Every entry that appears below is to be output exactly.

#####

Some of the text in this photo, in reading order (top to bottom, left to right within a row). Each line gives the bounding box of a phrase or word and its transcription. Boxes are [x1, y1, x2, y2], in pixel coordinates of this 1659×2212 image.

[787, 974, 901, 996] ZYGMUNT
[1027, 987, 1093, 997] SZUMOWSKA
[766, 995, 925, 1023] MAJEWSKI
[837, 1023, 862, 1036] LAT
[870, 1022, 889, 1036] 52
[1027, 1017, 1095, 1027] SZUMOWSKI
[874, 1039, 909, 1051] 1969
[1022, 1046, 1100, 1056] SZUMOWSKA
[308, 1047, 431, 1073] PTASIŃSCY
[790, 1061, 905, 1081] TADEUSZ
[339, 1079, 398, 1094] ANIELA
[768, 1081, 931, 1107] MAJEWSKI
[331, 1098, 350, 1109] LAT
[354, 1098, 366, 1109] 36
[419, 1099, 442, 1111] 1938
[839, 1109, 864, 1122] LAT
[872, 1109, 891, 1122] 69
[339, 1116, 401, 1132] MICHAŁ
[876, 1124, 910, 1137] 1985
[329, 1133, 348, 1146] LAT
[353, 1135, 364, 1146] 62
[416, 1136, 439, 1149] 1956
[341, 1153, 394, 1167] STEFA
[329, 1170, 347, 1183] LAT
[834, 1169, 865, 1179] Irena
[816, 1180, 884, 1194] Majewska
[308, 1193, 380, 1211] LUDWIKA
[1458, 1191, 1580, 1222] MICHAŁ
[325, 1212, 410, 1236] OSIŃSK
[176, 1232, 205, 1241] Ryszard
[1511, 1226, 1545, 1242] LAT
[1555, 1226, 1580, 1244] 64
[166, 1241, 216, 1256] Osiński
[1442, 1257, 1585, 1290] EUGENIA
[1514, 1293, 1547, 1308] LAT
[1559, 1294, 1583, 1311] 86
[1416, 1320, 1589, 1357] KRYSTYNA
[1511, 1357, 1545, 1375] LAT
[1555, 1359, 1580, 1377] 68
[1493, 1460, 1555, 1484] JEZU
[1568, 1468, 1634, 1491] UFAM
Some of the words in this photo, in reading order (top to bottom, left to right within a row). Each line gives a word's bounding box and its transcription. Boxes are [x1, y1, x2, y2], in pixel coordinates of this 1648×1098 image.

#####

#### Your response:
Some of the text in this photo, in reading order (top to bottom, left to right within a row). Each line gives the bounding box of a phrase or word and its transcription. Boxes are [x1, y1, x2, y2], in pixel coordinates of this 1659×2212 image.

[787, 974, 901, 996] ZYGMUNT
[1027, 987, 1093, 997] SZUMOWSKA
[766, 995, 925, 1023] MAJEWSKI
[837, 1023, 862, 1036] LAT
[870, 1022, 889, 1036] 52
[1027, 1017, 1095, 1027] SZUMOWSKI
[874, 1039, 909, 1051] 1969
[1022, 1046, 1100, 1056] SZUMOWSKA
[308, 1047, 431, 1073] PTASIŃSCY
[790, 1061, 905, 1081] TADEUSZ
[339, 1079, 398, 1094] ANIELA
[768, 1081, 931, 1107] MAJEWSKI
[331, 1098, 350, 1109] LAT
[354, 1098, 366, 1109] 36
[419, 1099, 442, 1111] 1938
[839, 1109, 864, 1122] LAT
[872, 1109, 891, 1122] 69
[339, 1116, 401, 1132] MICHAŁ
[876, 1124, 910, 1137] 1985
[329, 1133, 348, 1146] LAT
[353, 1135, 364, 1146] 62
[416, 1136, 439, 1149] 1956
[341, 1153, 394, 1167] STEFA
[329, 1170, 347, 1183] LAT
[834, 1169, 865, 1179] Irena
[816, 1180, 884, 1194] Majewska
[308, 1193, 380, 1211] LUDWIKA
[1458, 1191, 1580, 1222] MICHAŁ
[325, 1212, 410, 1236] OSIŃSK
[176, 1232, 205, 1241] Ryszard
[1511, 1226, 1545, 1242] LAT
[1555, 1226, 1580, 1244] 64
[166, 1241, 216, 1256] Osiński
[1442, 1257, 1585, 1290] EUGENIA
[1514, 1293, 1547, 1308] LAT
[1559, 1294, 1583, 1311] 86
[1416, 1320, 1589, 1357] KRYSTYNA
[1511, 1357, 1545, 1375] LAT
[1555, 1359, 1580, 1377] 68
[1493, 1460, 1555, 1484] JEZU
[1568, 1468, 1634, 1491] UFAM
Some of the words in this photo, in reading order (top to bottom, left to right within a row). Each line gives a word's bounding box and its transcription. Boxes are [x1, y1, x2, y2], in pixel coordinates of this 1648×1098 image.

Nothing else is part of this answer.